(Stored data entries)
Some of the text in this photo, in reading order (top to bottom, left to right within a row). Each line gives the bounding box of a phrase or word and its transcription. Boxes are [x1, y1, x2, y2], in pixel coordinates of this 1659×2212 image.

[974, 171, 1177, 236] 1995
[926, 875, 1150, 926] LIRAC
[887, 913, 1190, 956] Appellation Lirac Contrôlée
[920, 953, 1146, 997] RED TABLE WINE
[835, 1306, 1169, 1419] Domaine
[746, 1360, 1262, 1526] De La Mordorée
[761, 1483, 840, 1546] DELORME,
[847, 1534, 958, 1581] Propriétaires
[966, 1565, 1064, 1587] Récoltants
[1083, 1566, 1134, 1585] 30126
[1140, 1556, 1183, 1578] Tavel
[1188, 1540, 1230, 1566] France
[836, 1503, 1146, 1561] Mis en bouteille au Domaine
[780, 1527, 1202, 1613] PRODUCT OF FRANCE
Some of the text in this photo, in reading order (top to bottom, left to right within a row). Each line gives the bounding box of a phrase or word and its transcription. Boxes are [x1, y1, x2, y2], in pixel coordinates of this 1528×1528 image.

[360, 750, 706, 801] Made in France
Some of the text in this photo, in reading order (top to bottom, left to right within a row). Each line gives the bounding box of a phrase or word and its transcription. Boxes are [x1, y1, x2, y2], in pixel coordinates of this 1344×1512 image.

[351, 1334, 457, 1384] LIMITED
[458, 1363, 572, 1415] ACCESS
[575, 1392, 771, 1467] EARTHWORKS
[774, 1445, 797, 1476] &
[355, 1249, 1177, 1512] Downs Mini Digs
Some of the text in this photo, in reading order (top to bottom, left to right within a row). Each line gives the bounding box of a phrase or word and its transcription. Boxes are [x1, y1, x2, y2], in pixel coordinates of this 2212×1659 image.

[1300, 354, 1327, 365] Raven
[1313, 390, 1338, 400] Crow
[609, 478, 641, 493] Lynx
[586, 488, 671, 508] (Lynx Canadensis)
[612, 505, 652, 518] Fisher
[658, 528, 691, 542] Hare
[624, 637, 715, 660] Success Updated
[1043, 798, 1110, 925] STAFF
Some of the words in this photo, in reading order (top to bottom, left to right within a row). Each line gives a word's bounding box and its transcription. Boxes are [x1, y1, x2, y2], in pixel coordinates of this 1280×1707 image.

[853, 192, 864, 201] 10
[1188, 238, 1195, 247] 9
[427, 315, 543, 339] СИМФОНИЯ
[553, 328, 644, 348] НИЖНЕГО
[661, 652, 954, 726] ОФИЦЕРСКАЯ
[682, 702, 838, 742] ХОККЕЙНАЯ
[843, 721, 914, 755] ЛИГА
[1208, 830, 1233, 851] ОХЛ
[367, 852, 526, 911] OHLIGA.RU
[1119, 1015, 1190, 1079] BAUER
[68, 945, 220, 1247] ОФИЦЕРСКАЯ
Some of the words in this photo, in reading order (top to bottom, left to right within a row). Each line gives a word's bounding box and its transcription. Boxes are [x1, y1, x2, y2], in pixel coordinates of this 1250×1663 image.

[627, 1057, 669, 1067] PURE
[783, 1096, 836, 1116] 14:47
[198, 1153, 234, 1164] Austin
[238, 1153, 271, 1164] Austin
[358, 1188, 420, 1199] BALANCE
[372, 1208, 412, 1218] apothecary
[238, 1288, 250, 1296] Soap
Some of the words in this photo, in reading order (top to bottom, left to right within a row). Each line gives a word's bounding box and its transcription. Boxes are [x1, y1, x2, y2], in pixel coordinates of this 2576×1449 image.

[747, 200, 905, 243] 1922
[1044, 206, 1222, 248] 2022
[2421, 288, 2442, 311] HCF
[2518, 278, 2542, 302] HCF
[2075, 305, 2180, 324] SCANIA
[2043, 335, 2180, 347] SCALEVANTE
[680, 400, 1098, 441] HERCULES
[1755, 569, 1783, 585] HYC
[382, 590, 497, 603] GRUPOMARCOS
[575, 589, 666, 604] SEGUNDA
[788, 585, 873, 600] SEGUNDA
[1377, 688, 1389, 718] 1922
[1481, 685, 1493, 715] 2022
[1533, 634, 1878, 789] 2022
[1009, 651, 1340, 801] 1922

■ Your assignment:
Give back every entry exactly, with nothing left out.

■ Solution to this task:
Some of the text in this photo, in reading order (top to bottom, left to right within a row). Each line gives the bounding box of a phrase or word and its transcription. Boxes are [x1, y1, x2, y2], in pixel coordinates of this 1659×2212 image.

[974, 171, 1177, 236] 1995
[926, 875, 1150, 926] LIRAC
[887, 913, 1190, 956] Appellation Lirac Contrôlée
[920, 953, 1146, 997] RED TABLE WINE
[835, 1306, 1169, 1419] Domaine
[746, 1360, 1262, 1526] De La Mordorée
[761, 1483, 840, 1546] DELORME,
[847, 1534, 958, 1581] Propriétaires
[966, 1565, 1064, 1587] Récoltants
[1083, 1566, 1134, 1585] 30126
[1140, 1556, 1183, 1578] Tavel
[1188, 1540, 1230, 1566] France
[836, 1503, 1146, 1561] Mis en bouteille au Domaine
[780, 1527, 1202, 1613] PRODUCT OF FRANCE
Some of the text in this photo, in reading order (top to bottom, left to right within a row). Each line gives the bounding box of a phrase or word and its transcription. Boxes are [x1, y1, x2, y2], in pixel coordinates of this 1528×1528 image.

[360, 750, 706, 801] Made in France
Some of the text in this photo, in reading order (top to bottom, left to right within a row). Each line gives the bounding box of a phrase or word and its transcription. Boxes are [x1, y1, x2, y2], in pixel coordinates of this 1344×1512 image.

[351, 1334, 457, 1384] LIMITED
[458, 1363, 572, 1415] ACCESS
[575, 1392, 771, 1467] EARTHWORKS
[774, 1445, 797, 1476] &
[355, 1249, 1177, 1512] Downs Mini Digs
Some of the text in this photo, in reading order (top to bottom, left to right within a row). Each line gives the bounding box of a phrase or word and its transcription. Boxes are [x1, y1, x2, y2], in pixel coordinates of this 2212×1659 image.

[1300, 354, 1327, 365] Raven
[1313, 390, 1338, 400] Crow
[609, 478, 641, 493] Lynx
[586, 488, 671, 508] (Lynx Canadensis)
[612, 505, 652, 518] Fisher
[658, 528, 691, 542] Hare
[624, 637, 715, 660] Success Updated
[1043, 798, 1110, 925] STAFF
Some of the words in this photo, in reading order (top to bottom, left to right within a row). Each line gives a word's bounding box and its transcription. Boxes are [x1, y1, x2, y2], in pixel coordinates of this 1280×1707 image.

[853, 192, 864, 201] 10
[1188, 238, 1195, 247] 9
[427, 315, 543, 339] СИМФОНИЯ
[553, 328, 644, 348] НИЖНЕГО
[661, 652, 954, 726] ОФИЦЕРСКАЯ
[682, 702, 838, 742] ХОККЕЙНАЯ
[843, 721, 914, 755] ЛИГА
[1208, 830, 1233, 851] ОХЛ
[367, 852, 526, 911] OHLIGA.RU
[1119, 1015, 1190, 1079] BAUER
[68, 945, 220, 1247] ОФИЦЕРСКАЯ
Some of the words in this photo, in reading order (top to bottom, left to right within a row). Each line gives a word's bounding box and its transcription. Boxes are [x1, y1, x2, y2], in pixel coordinates of this 1250×1663 image.

[627, 1057, 669, 1067] PURE
[783, 1096, 836, 1116] 14:47
[198, 1153, 234, 1164] Austin
[238, 1153, 271, 1164] Austin
[358, 1188, 420, 1199] BALANCE
[372, 1208, 412, 1218] apothecary
[238, 1288, 250, 1296] Soap
Some of the words in this photo, in reading order (top to bottom, left to right within a row). Each line gives a word's bounding box and its transcription. Boxes are [x1, y1, x2, y2], in pixel coordinates of this 2576×1449 image.

[747, 200, 905, 243] 1922
[1044, 206, 1222, 248] 2022
[2421, 288, 2442, 311] HCF
[2518, 278, 2542, 302] HCF
[2075, 305, 2180, 324] SCANIA
[2043, 335, 2180, 347] SCALEVANTE
[680, 400, 1098, 441] HERCULES
[1755, 569, 1783, 585] HYC
[382, 590, 497, 603] GRUPOMARCOS
[575, 589, 666, 604] SEGUNDA
[788, 585, 873, 600] SEGUNDA
[1377, 688, 1389, 718] 1922
[1481, 685, 1493, 715] 2022
[1533, 634, 1878, 789] 2022
[1009, 651, 1340, 801] 1922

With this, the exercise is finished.